[Saved entries]
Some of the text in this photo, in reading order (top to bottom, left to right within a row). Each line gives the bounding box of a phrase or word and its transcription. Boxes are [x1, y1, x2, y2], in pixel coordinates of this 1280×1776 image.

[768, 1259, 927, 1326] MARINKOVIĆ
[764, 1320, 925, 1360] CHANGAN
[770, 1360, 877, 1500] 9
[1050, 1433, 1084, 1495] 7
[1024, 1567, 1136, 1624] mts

> _The problem_:
Set the entries down again, unchanged and complete.

> _Task response_:
Some of the text in this photo, in reading order (top to bottom, left to right within a row). Each line gives the bounding box of a phrase or word and its transcription. Boxes are [x1, y1, x2, y2], in pixel coordinates of this 1280×1776 image.

[768, 1259, 927, 1326] MARINKOVIĆ
[764, 1320, 925, 1360] CHANGAN
[770, 1360, 877, 1500] 9
[1050, 1433, 1084, 1495] 7
[1024, 1567, 1136, 1624] mts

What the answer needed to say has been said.